Data records:

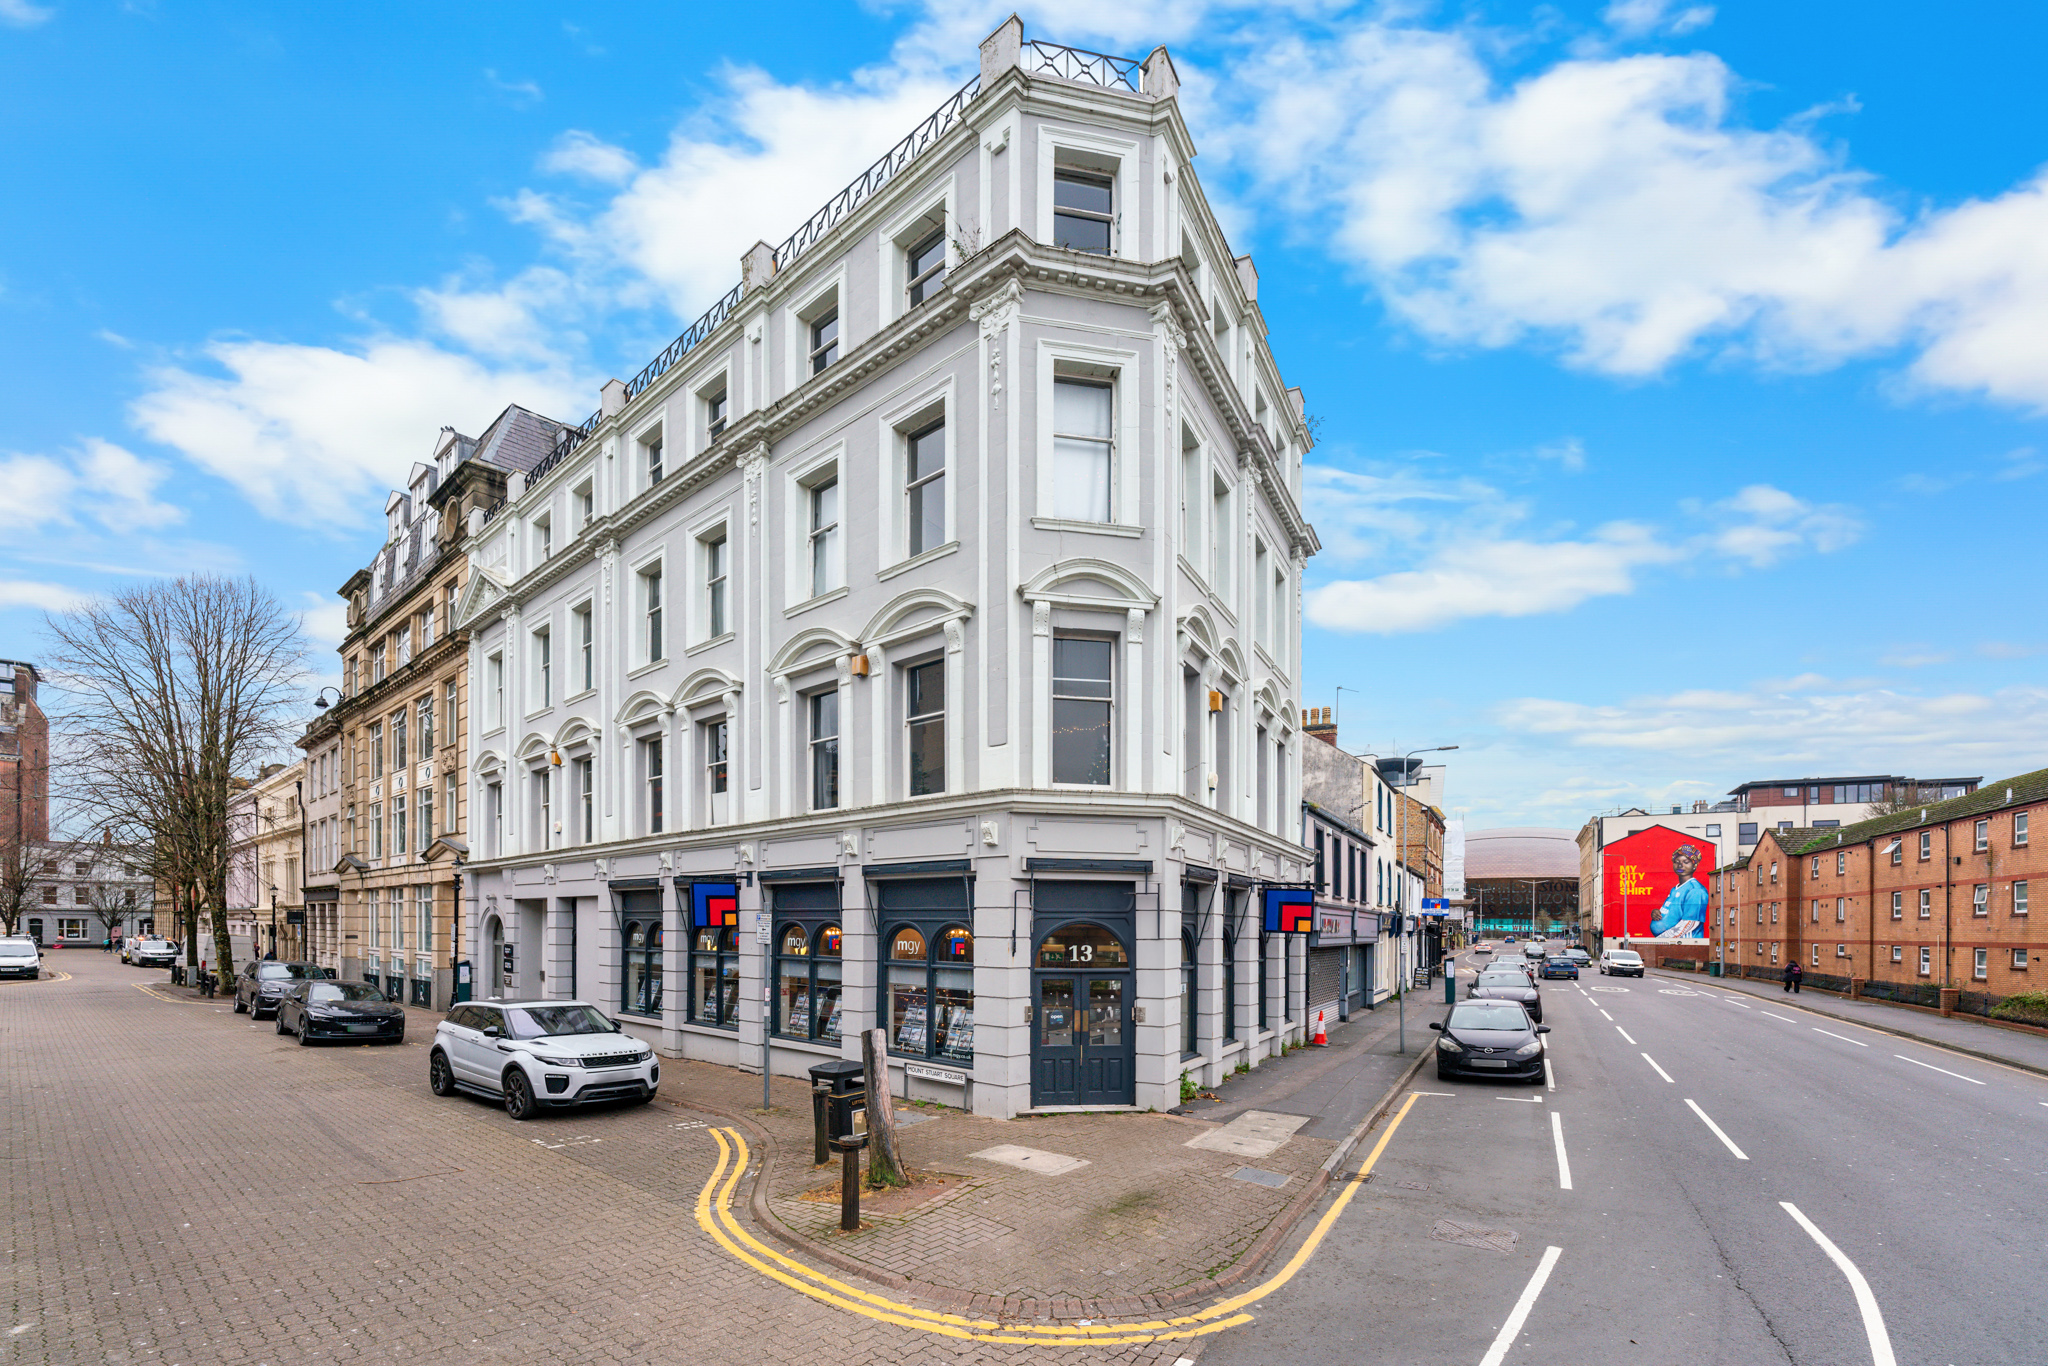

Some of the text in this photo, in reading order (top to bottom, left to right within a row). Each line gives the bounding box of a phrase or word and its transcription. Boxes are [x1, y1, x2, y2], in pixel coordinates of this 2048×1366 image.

[1620, 865, 1637, 873] MY
[1620, 872, 1645, 880] CITY
[1620, 880, 1637, 888] MY
[1620, 887, 1653, 895] SHIRT
[633, 933, 644, 943] mgy
[700, 934, 715, 946] mgy
[787, 937, 806, 949] mgy
[897, 940, 921, 954] mgy
[1069, 945, 1093, 962] 13
[907, 1066, 964, 1082] MOUNT STUART SQUARE
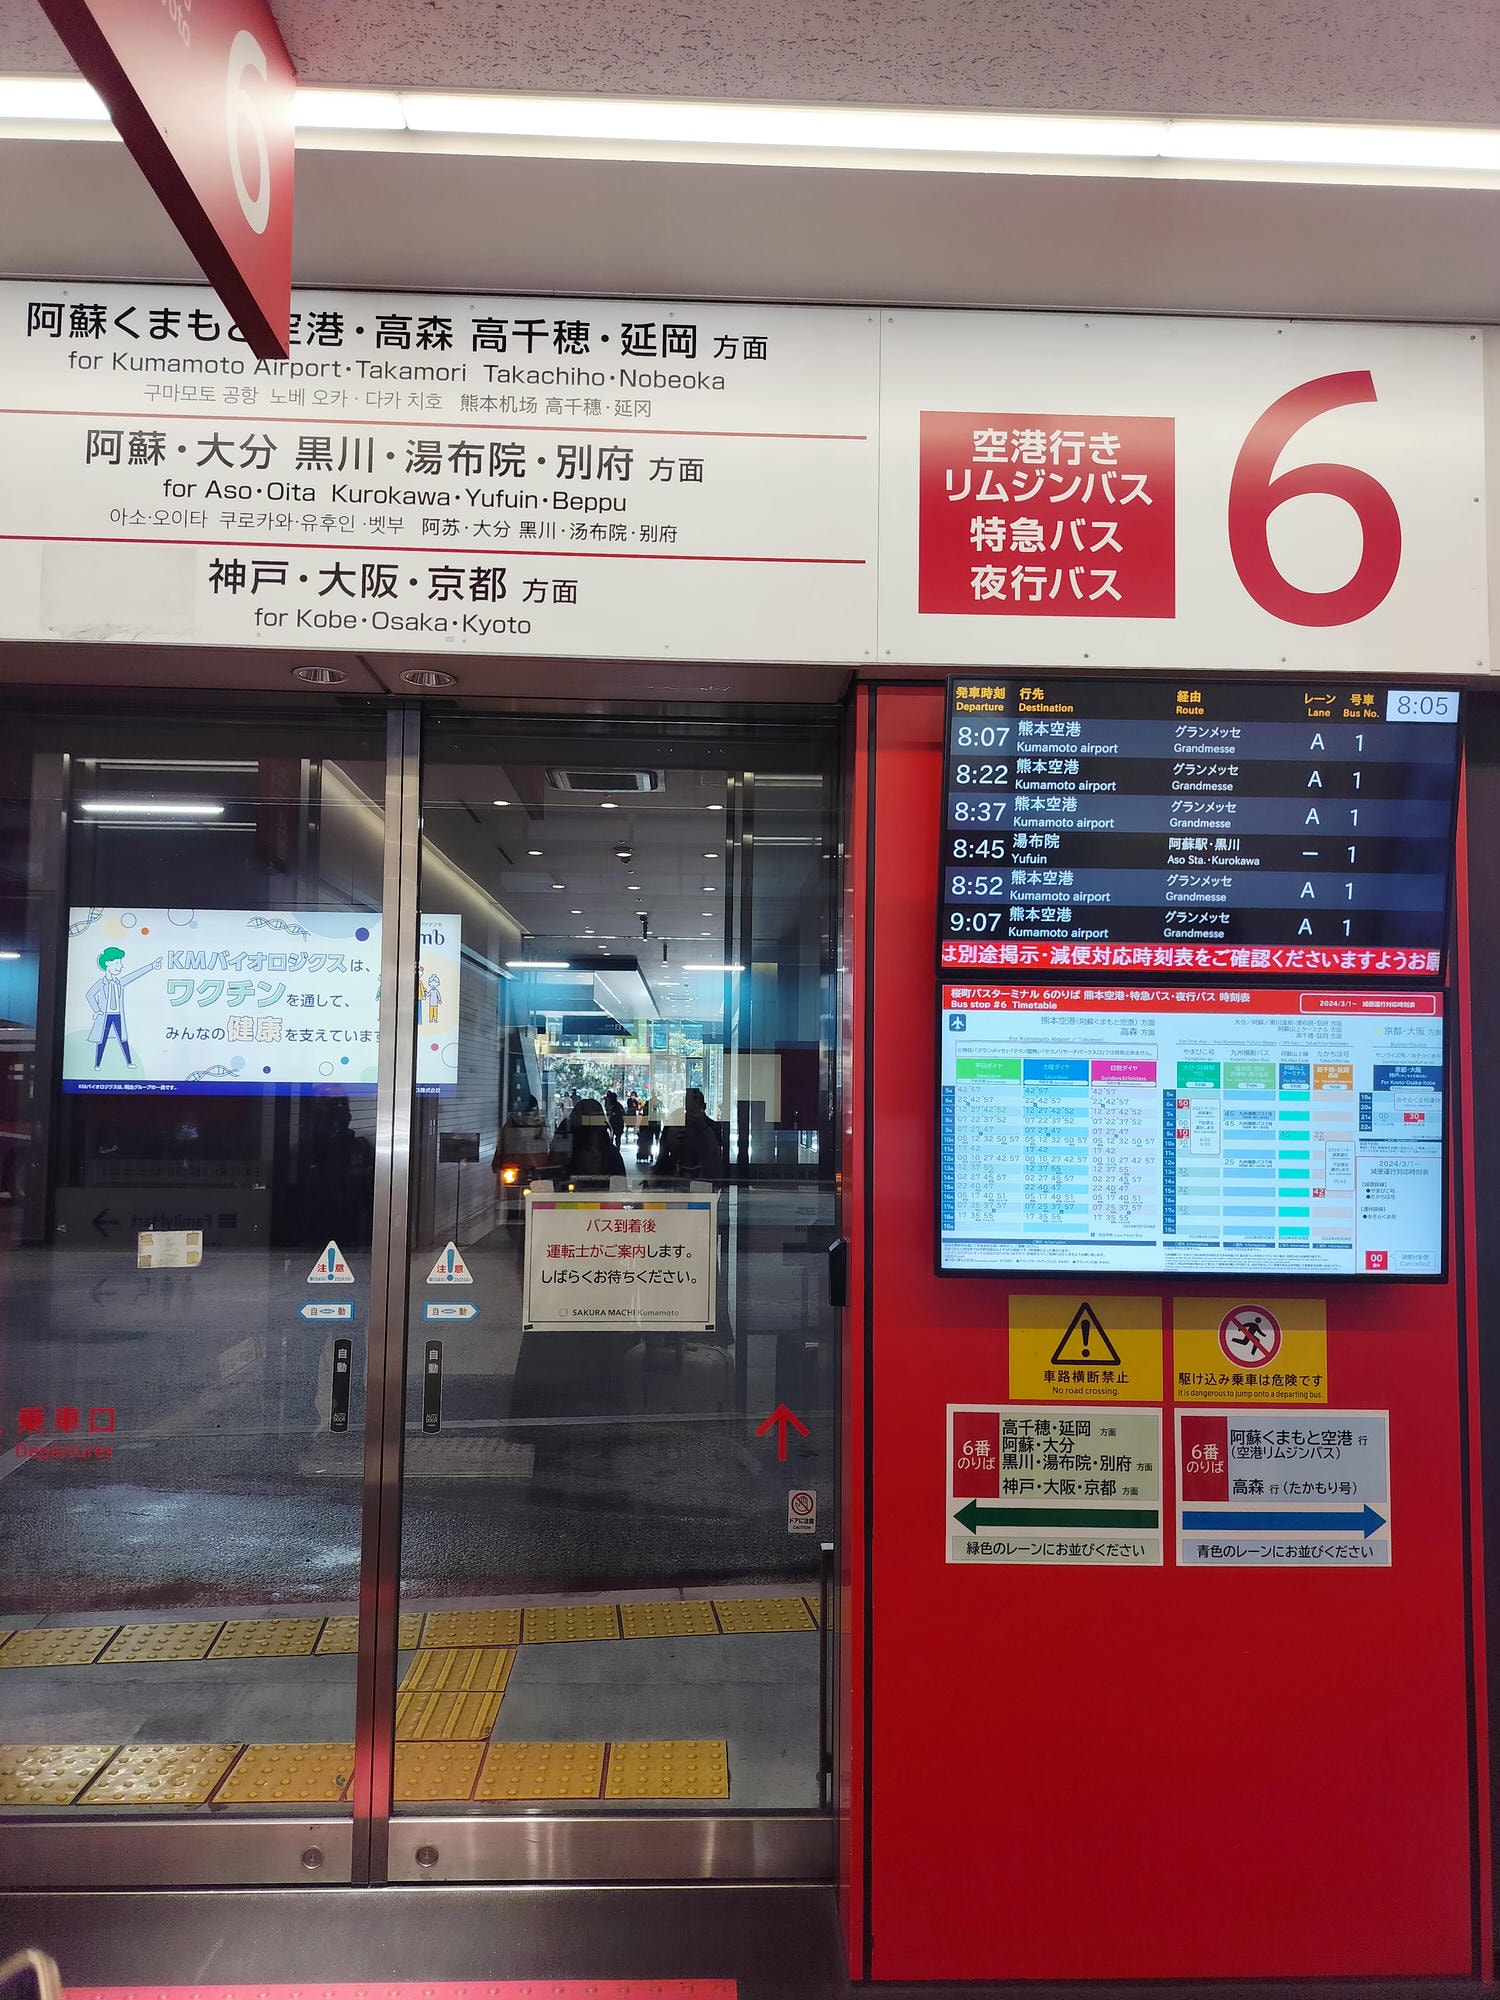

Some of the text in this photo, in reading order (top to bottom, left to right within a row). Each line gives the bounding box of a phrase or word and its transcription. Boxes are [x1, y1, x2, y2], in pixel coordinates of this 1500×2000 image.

[226, 29, 270, 234] 6
[471, 317, 697, 359] 高千穂・延岡
[713, 334, 768, 360] 方面
[69, 351, 103, 370] for
[113, 353, 244, 374] Kumamoto
[144, 385, 216, 402] 구마모토
[223, 386, 258, 405] 공항
[271, 388, 305, 406] 노베
[312, 389, 348, 408] 오카
[460, 395, 538, 414] 熊本机场
[86, 429, 704, 482] 阿蘇・大分 黒川・湯布院・別府 方面
[972, 428, 1121, 466] 空港行き
[164, 480, 197, 498] for
[944, 469, 1153, 505] リムジンバス
[1228, 370, 1402, 627] 6
[970, 516, 1123, 554] 特急バス
[208, 558, 578, 604] 神戸・大阪・京都 方面
[970, 565, 1122, 602] 夜行バス
[254, 608, 288, 626] for
[956, 687, 1375, 706] 発車時刻 行先 経由 レーン 号車
[956, 702, 1379, 718] Departure Destination Route Lane Bus No.
[1397, 696, 1449, 715] 8:05
[958, 721, 1363, 751] 8:07 熊本空港 グランメッセ A 1
[1017, 742, 1235, 755] Kumamoto airport Grandmesse
[956, 759, 1361, 789] 8:22 熊本空港 グランメッセ A 1
[1015, 779, 1233, 793] Kumamoto airport Grandmesse
[953, 834, 1356, 863] 8:45 湯布院 阿蘇駅・黒川 1
[1011, 854, 1047, 864] Yufuin
[1167, 856, 1185, 864] Aso
[950, 907, 1350, 936] 9:07 熊本空港 グランメッセ A 1
[1008, 927, 1224, 940] Kumamoto airport Grandmesse
[167, 978, 350, 1009] ワクチンを通して、
[951, 989, 1039, 999] 桜町バスターミナル
[1043, 991, 1080, 999] 6のりば
[1219, 993, 1250, 1002] 時刻表
[994, 1001, 1006, 1009] #6
[1013, 1002, 1057, 1010] Timetable
[587, 1219, 656, 1233] バス到着後
[547, 1244, 692, 1259] 運転士がご案内します。
[542, 1269, 697, 1284] しばらくお待ちください。
[638, 1309, 679, 1317] Kumamoto
[337, 1348, 347, 1373] 自動
[429, 1349, 438, 1374] 自動
[1043, 1370, 1128, 1384] 車路横断禁止
[1178, 1372, 1323, 1387] 駆け込み乗車は危険です
[1085, 1388, 1119, 1396] crossing.
[1191, 1390, 1226, 1398] dangerous
[1235, 1390, 1252, 1399] jump
[1276, 1391, 1307, 1399] departing
[17, 1406, 115, 1433] 乗車口
[1002, 1419, 1116, 1436] 高千穂・延岡 方面
[1002, 1437, 1075, 1454] 阿蘇・大分
[1231, 1430, 1367, 1446] 阿蘇くまもと空港 行
[15, 1443, 113, 1460] Departures
[963, 1440, 990, 1457] 6番
[1191, 1444, 1219, 1461] 6番
[957, 1457, 995, 1470] のりば
[1002, 1454, 1152, 1472] 黒川・湯布院・別府 方面
[1187, 1460, 1224, 1474] のりば
[1002, 1479, 1138, 1496] 神戸・大阪・京都 方面
[1232, 1478, 1264, 1495] 高森
[1270, 1485, 1279, 1493] 行
[967, 1541, 1144, 1557] 緑色のレーンにお並びください
[1197, 1545, 1373, 1559] 青色のレーンにお並びください
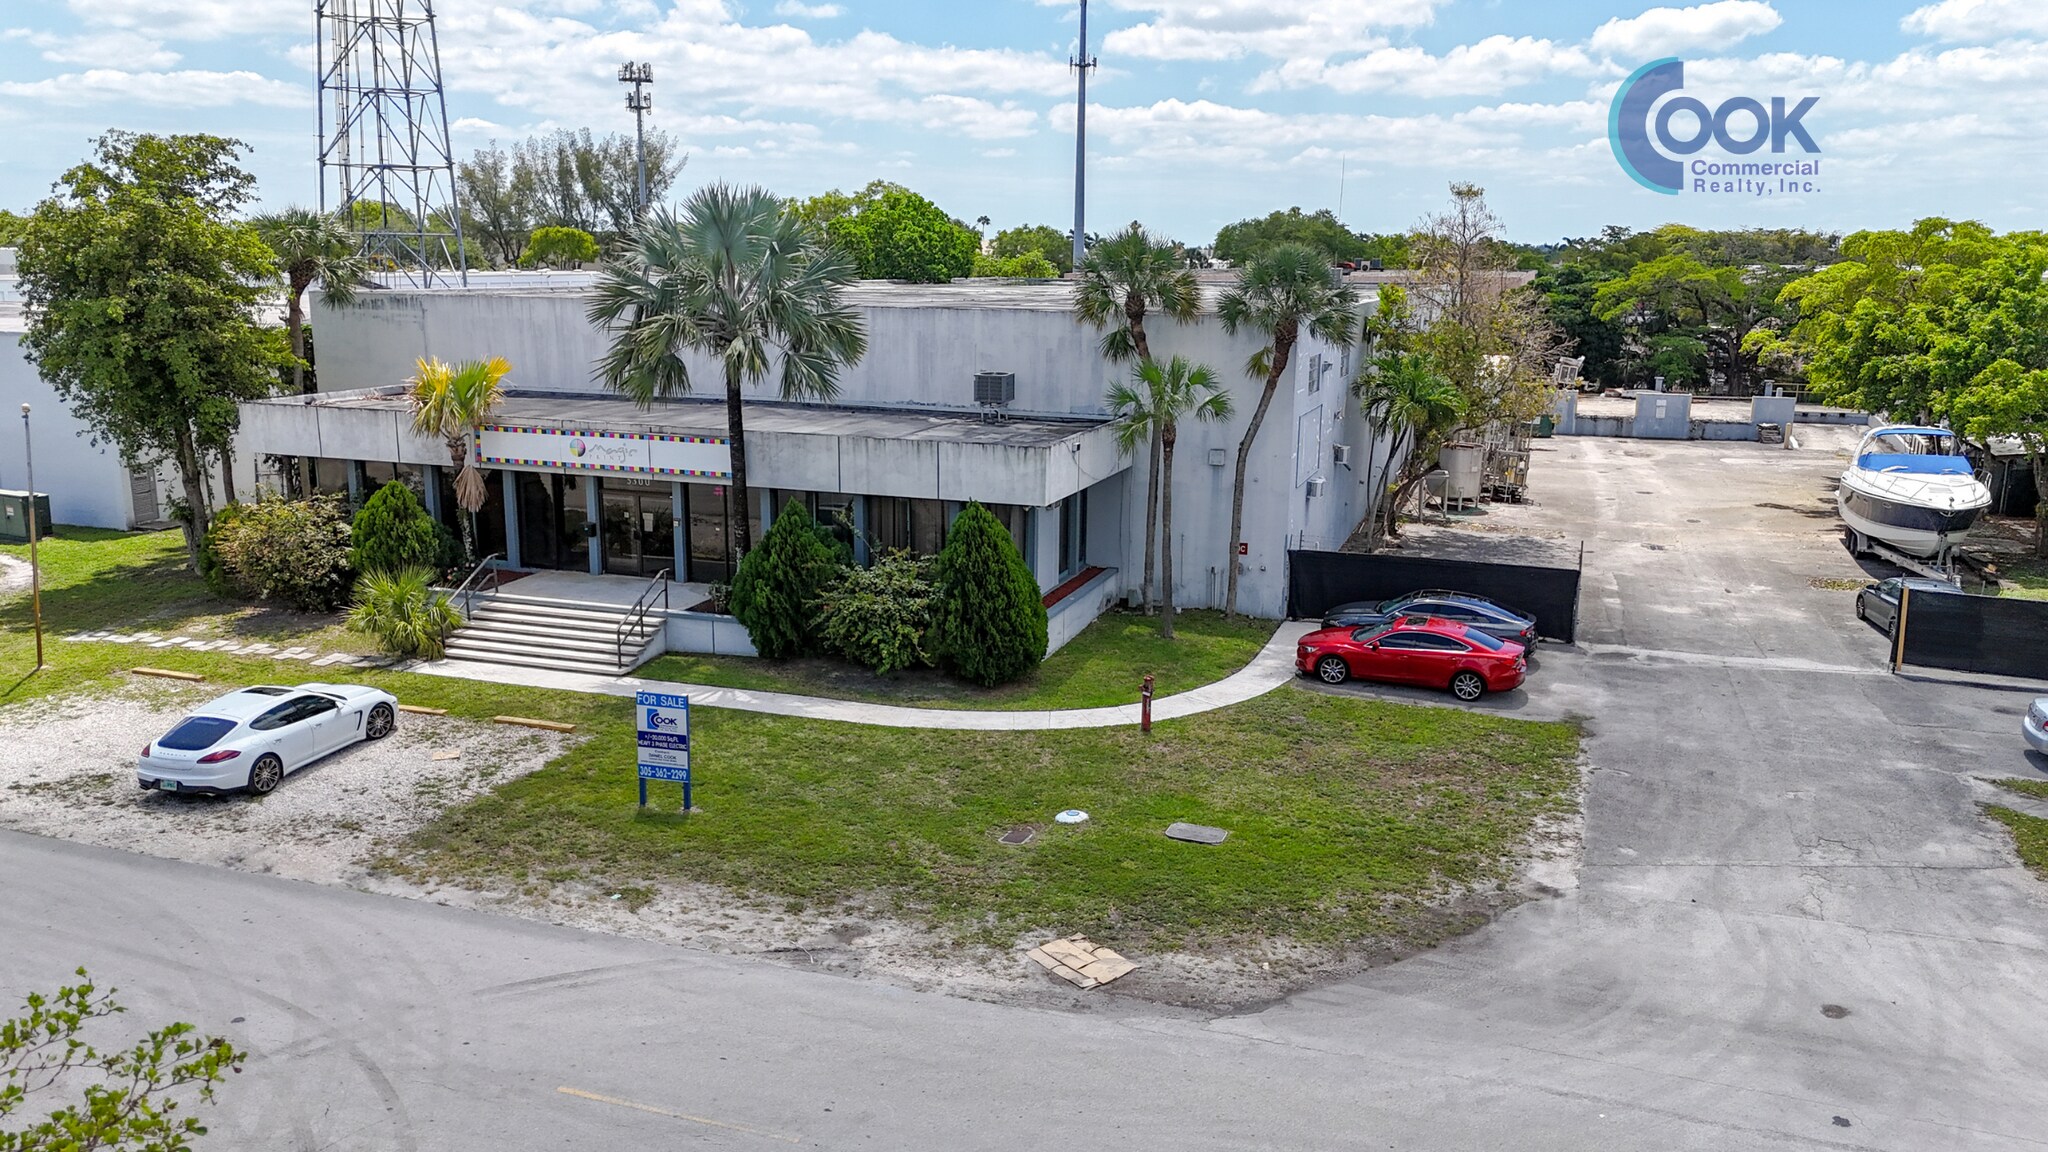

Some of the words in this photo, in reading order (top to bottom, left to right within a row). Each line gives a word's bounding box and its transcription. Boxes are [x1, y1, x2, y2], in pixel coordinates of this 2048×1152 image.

[588, 443, 637, 464] Magic
[637, 694, 657, 705] FOR
[660, 696, 685, 708] SALE
[649, 711, 677, 728] COOK
[639, 766, 687, 780] 305-362-2299

## WHAT YOU NEED TO DO
Would you repeat the lines from the one containing "Some of the words" through the end of the data, exactly, with nothing before or after them?

## OUTPUT BELOW
Some of the words in this photo, in reading order (top to bottom, left to right within a row). Each line gives a word's bounding box and its transcription. Boxes are [x1, y1, x2, y2], in pixel coordinates of this 2048×1152 image.

[588, 443, 637, 464] Magic
[637, 694, 657, 705] FOR
[660, 696, 685, 708] SALE
[649, 711, 677, 728] COOK
[639, 766, 687, 780] 305-362-2299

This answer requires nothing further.